迷車?名車?初代「オートザム スクラム」/5チャンネル時代の希少な生き残り
車の詳細
メーカー:マツダ
車名:オートザム(バン)
発売期間:1989年~1991年
(※詳細については正確な情報とは限りませんので、ご了承下さい)
エブリイ?いいえ、オートザムです。
用水路沿いを散策していると、草むらの中に懐かしいスズキのエブリイが見えてきました。
…とおもったら、よく見るとフロントマスクが違います。 これはマツダの初代「オートザム スクラム」(DH41/51系)でした。
ポーターキャブからバトンを受け取ったOEM車
この車は、マツダが長年にわたり独自生産し、「ガチャピン」の愛称で親しまれた名車「ポーターキャブ」に代わって導入された軽バン・トラックです。
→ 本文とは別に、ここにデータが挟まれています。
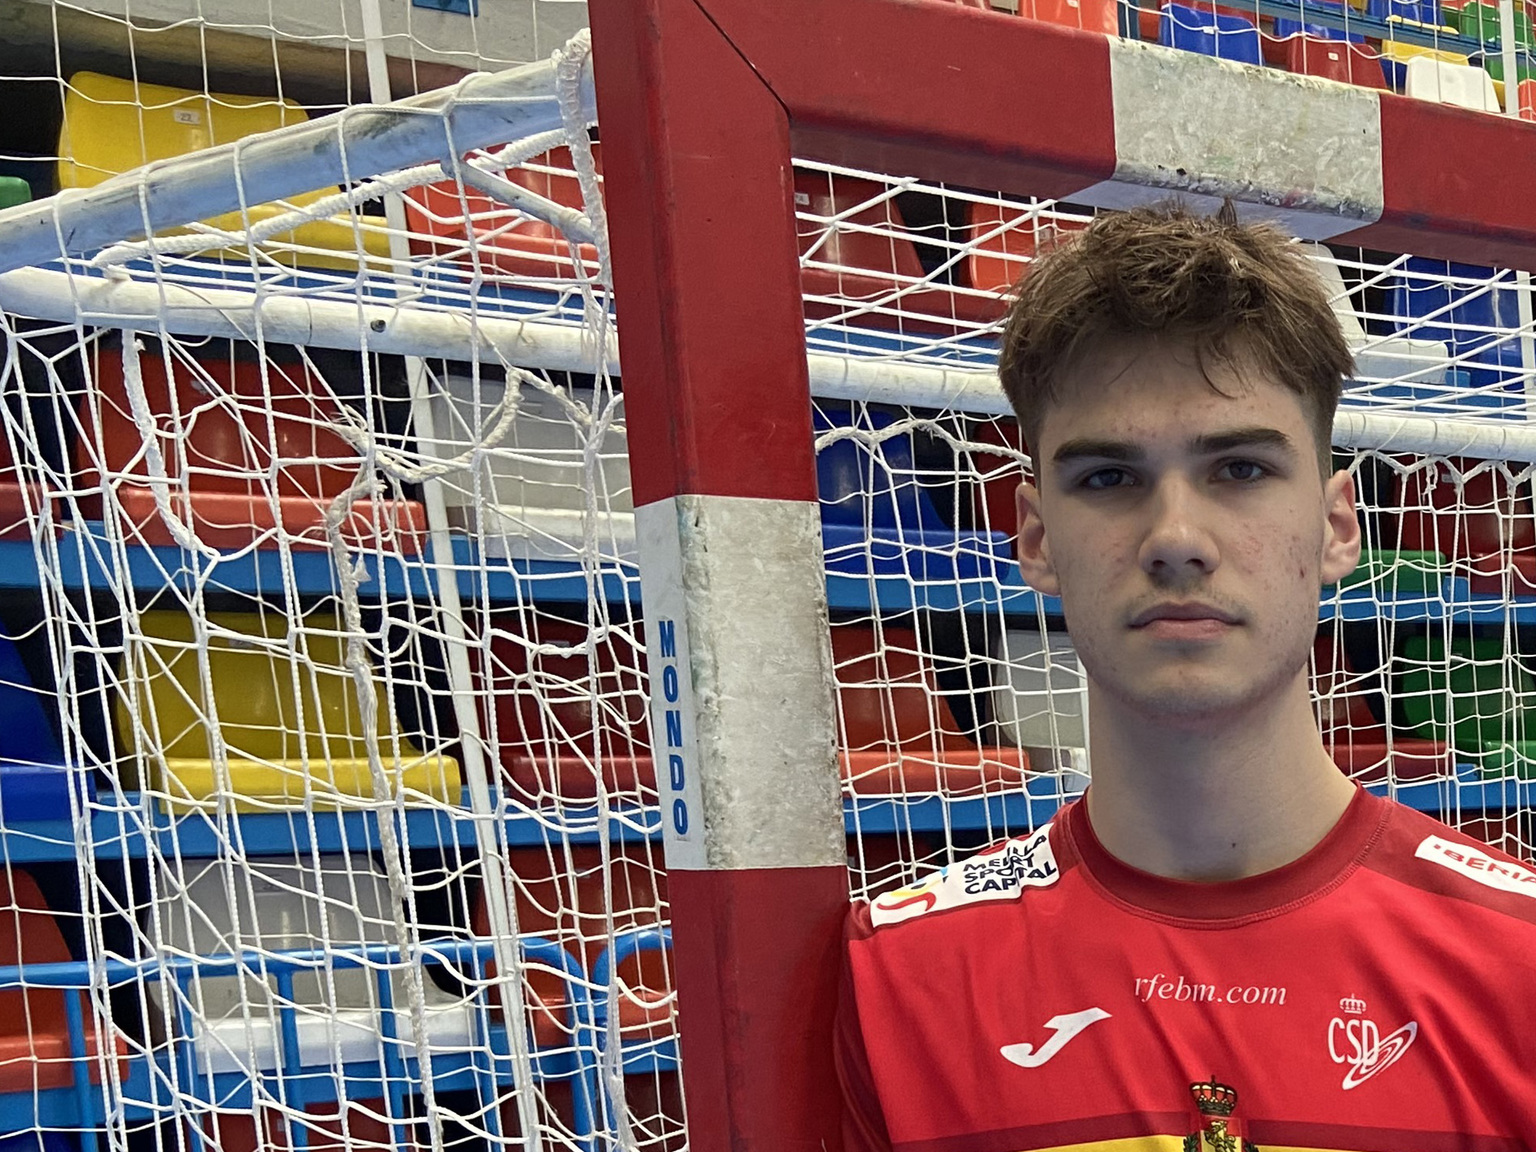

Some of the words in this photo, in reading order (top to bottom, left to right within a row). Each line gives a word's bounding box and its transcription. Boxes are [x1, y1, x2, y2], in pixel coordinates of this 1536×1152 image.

[658, 619, 688, 835] MONDO
[1134, 973, 1287, 1006] rfebm.com
[1328, 1017, 1379, 1066] CSD
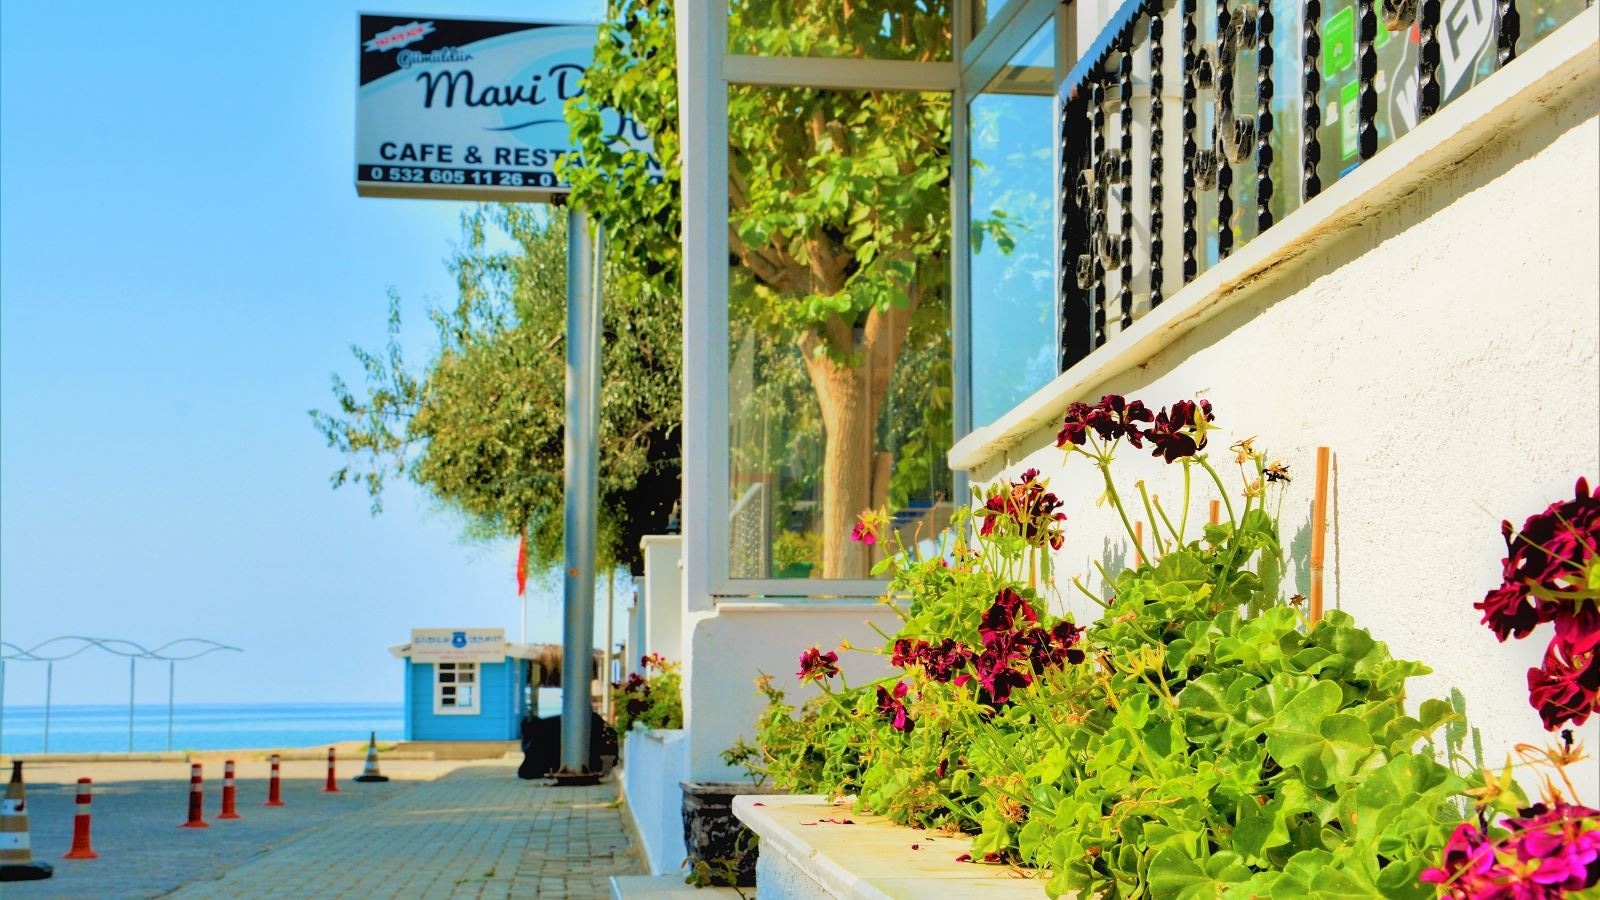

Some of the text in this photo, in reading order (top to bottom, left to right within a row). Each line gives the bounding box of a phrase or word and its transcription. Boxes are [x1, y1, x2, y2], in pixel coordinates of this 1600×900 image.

[397, 47, 474, 69] Gümüldür
[416, 69, 546, 109] Mavi
[380, 142, 453, 164] CAFE
[464, 145, 482, 165] &
[371, 166, 383, 180] 0
[389, 167, 424, 182] 532
[430, 169, 465, 184] 605
[471, 171, 492, 185] 11
[500, 172, 523, 186] 26
[540, 173, 551, 187] 0
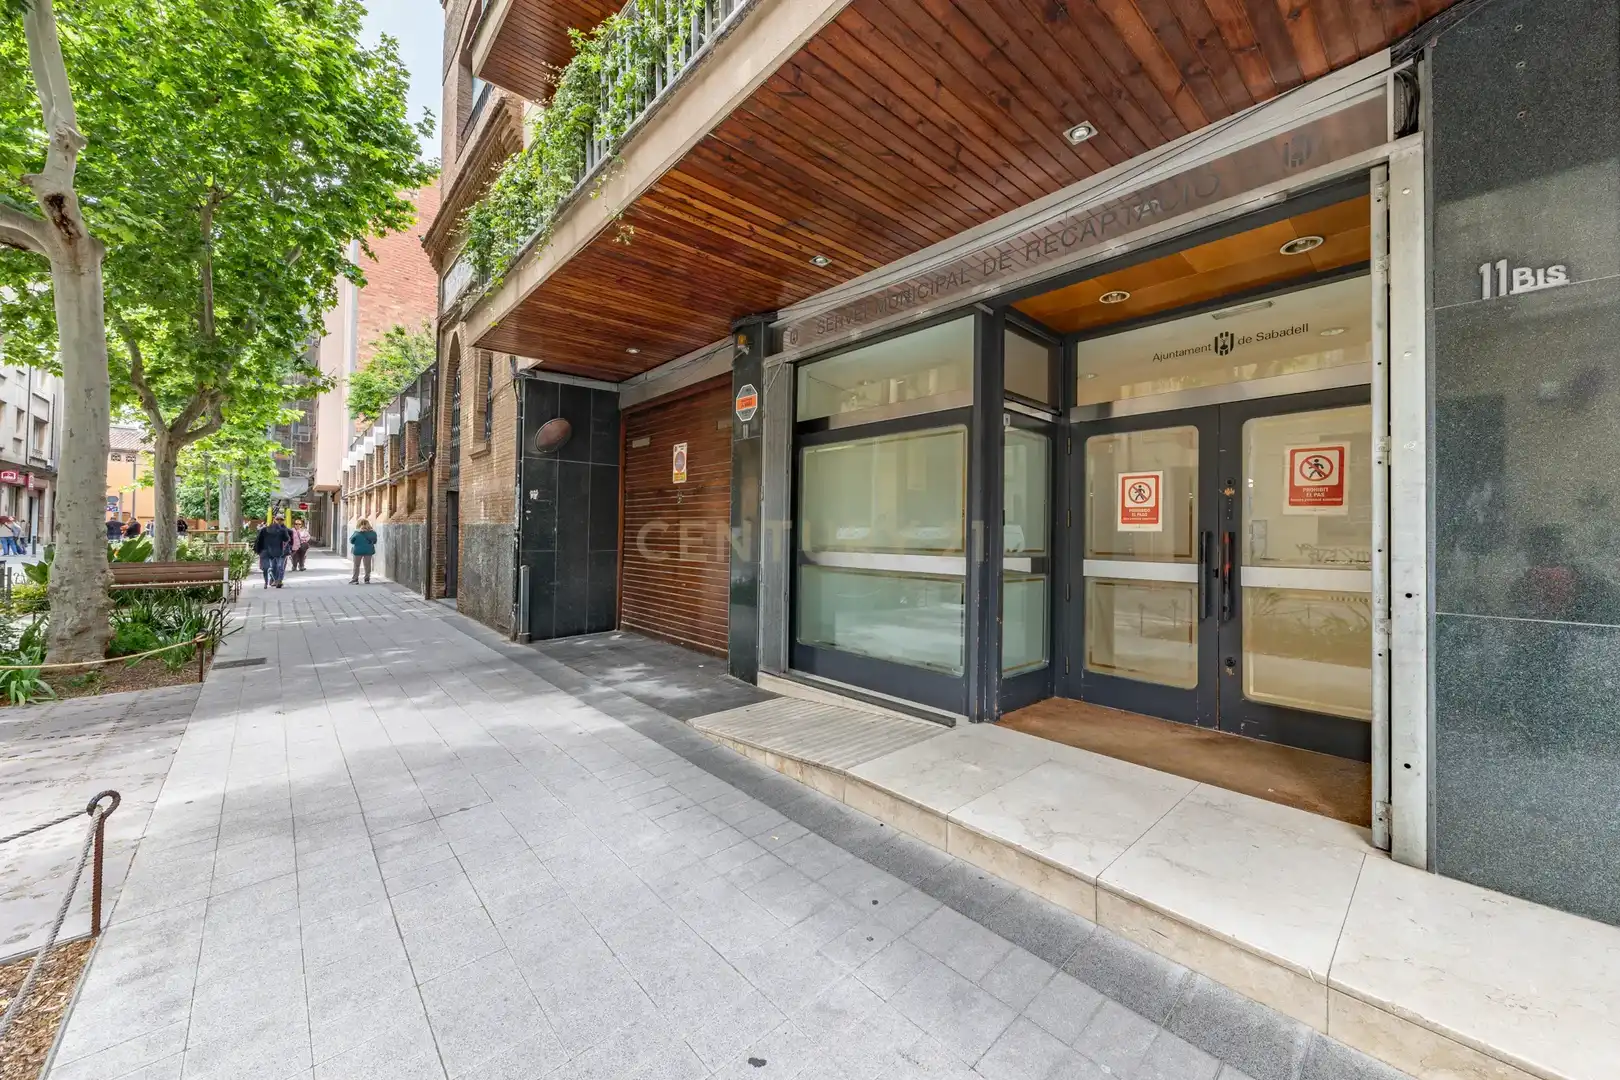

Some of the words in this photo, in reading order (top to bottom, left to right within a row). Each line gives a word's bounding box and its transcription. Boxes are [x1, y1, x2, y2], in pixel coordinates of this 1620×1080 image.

[816, 309, 868, 335] SERVEI
[875, 267, 971, 314] MUNICIPAL
[983, 251, 1012, 276] DE
[1152, 343, 1212, 363] Ajuntament
[1237, 335, 1253, 346] de
[1256, 323, 1309, 342] Sabadell
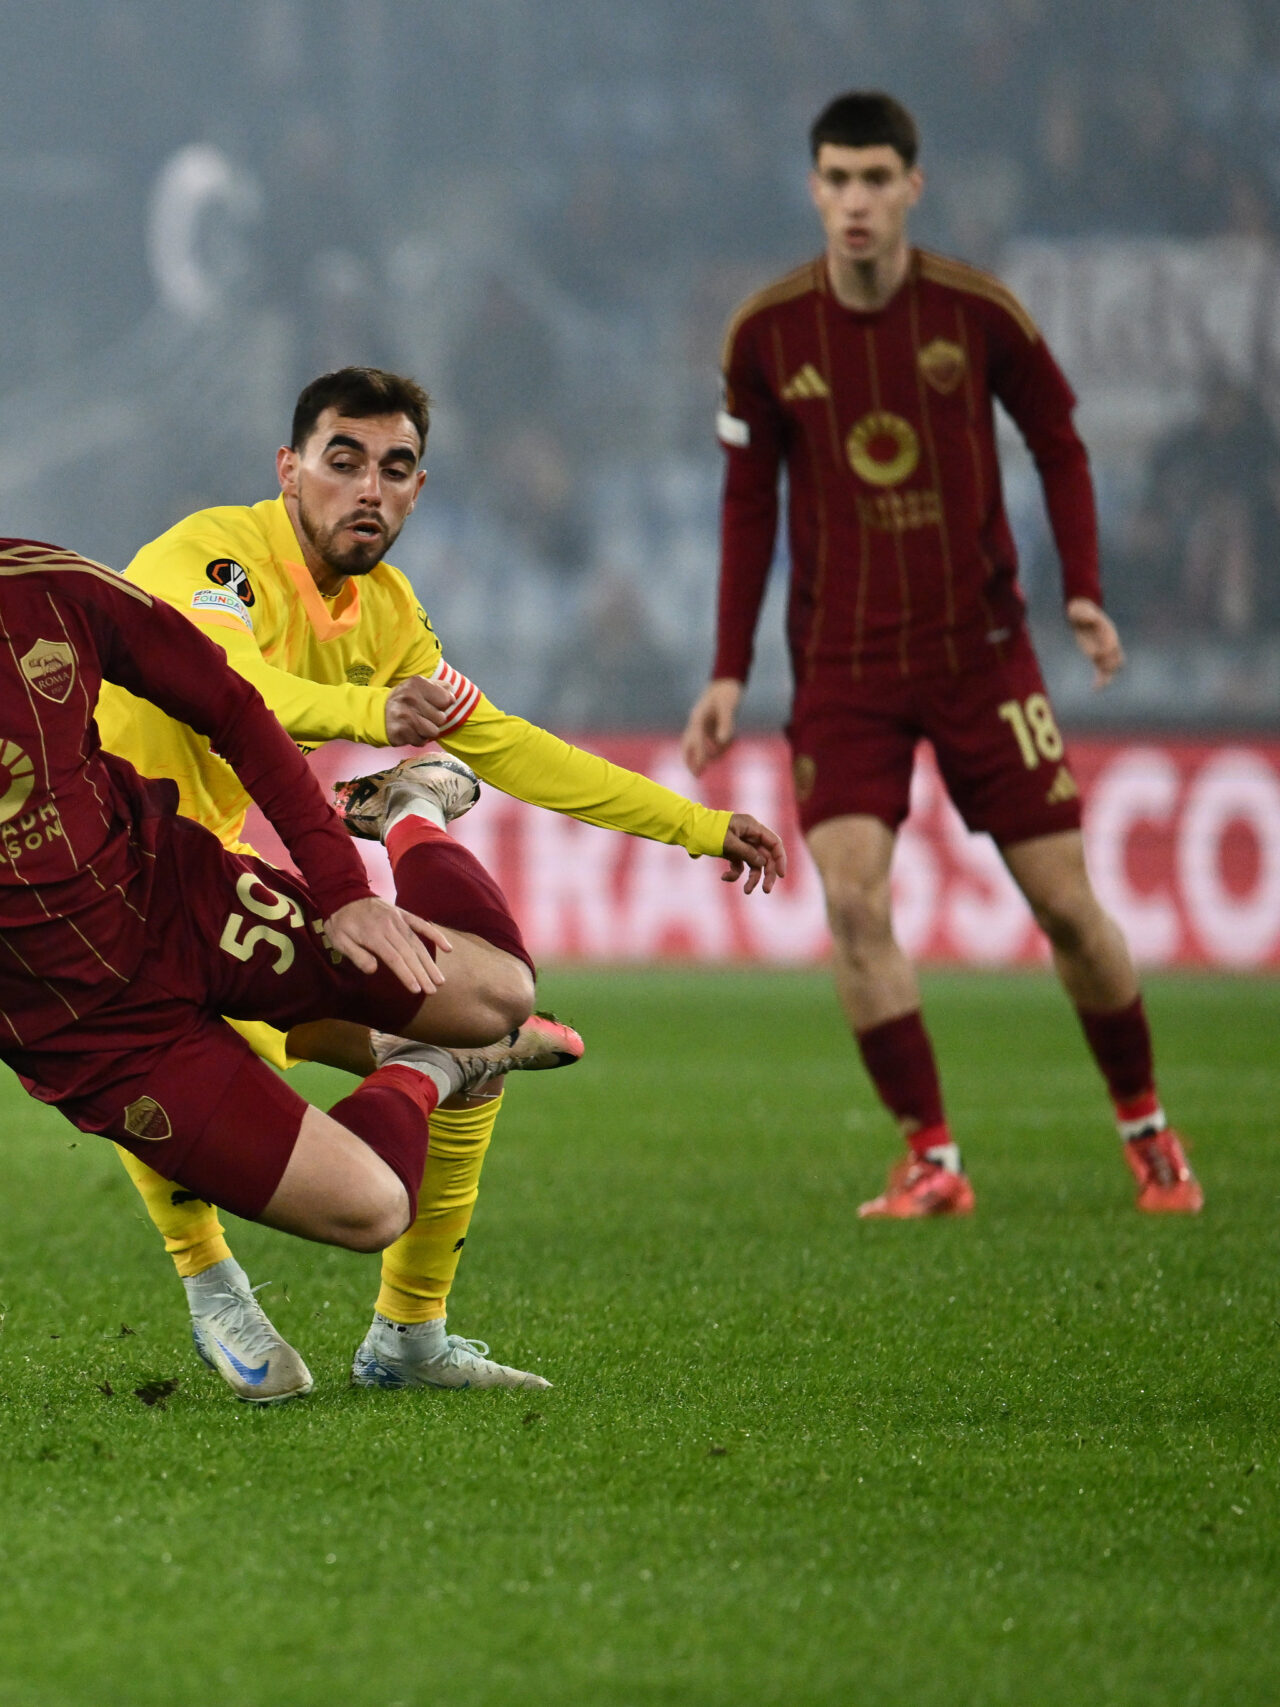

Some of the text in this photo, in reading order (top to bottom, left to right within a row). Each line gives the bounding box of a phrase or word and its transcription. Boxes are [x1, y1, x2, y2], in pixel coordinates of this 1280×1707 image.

[38, 671, 70, 689] ROMA
[998, 692, 1063, 770] 18
[219, 872, 304, 975] 59
1989年(平成元年)、マツダは自社製造から撤退し、スズキから「エブリイ(バン)」と「キャリイ(トラック)」のOEM供給を受けることになりました。それがこのスクラムの始まりです。
フロントグリルを見ると、本来「SUZUKI」とある場所が、当時のマツダの軽自動車・小型車向けブランド名である「AUTOZAM(オートザム)」に変わっています。
マツダが「5チャンネル体制(マツダ・アンフィニ・ユーノス・オートザム・オートラマ)」を敷いていた、バブル時代の熱気を感じさせるロゴです。
わずか2年半!激動の時代を生きた希少車
ところでこの初代スクラムですが、草ヒロとしてもかなりの希少車種です。
1989年6月の発売で、直後の1990年に軽自動車の規格変更(550cc→660cc)が行われました。それに伴いベース車のエブリイがモデルチェンジするのに合わせ、スクラムもすぐに改良、そして1991年10月には2代目に切り替わりました。
つまりこの顔の初代モデルは約2年半程度しか販売されていないのです。
ポーターキャブほど個性的ではありませんが、マツダの激動期と軽自動車規格の変革期、その隙間に生まれたレアな一台に出会うことができました。

車内を覗き込むと、強烈なインパクトを放つヒョウ柄のハンドルカバーがついていました。
かなり変色しており、この場所で放置されてから随分と長い歳月が流れていることが伺えます。比較的近年まで現役で、ヤンチャな仕様で活躍していたのでしょうか。廃車体特有の、かつてのオーナーの息遣いが残る切ない光景です。